* **Task instructions**
Keeping every word in place, write out the entries that come next.

(Provided data Opens)

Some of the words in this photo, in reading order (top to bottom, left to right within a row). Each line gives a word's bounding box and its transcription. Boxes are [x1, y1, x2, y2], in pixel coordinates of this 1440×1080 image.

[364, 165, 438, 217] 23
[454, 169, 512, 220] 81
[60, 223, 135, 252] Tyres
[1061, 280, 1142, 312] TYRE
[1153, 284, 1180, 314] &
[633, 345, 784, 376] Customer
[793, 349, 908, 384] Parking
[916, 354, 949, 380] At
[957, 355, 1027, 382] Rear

(Provided data Closes)

* **Response to the exercise**
Some of the words in this photo, in reading order (top to bottom, left to right within a row). Each line gives a word's bounding box and its transcription. Boxes are [x1, y1, x2, y2], in pixel coordinates of this 1440×1080 image.

[364, 165, 438, 217] 23
[454, 169, 512, 220] 81
[60, 223, 135, 252] Tyres
[1061, 280, 1142, 312] TYRE
[1153, 284, 1180, 314] &
[633, 345, 784, 376] Customer
[793, 349, 908, 384] Parking
[916, 354, 949, 380] At
[957, 355, 1027, 382] Rear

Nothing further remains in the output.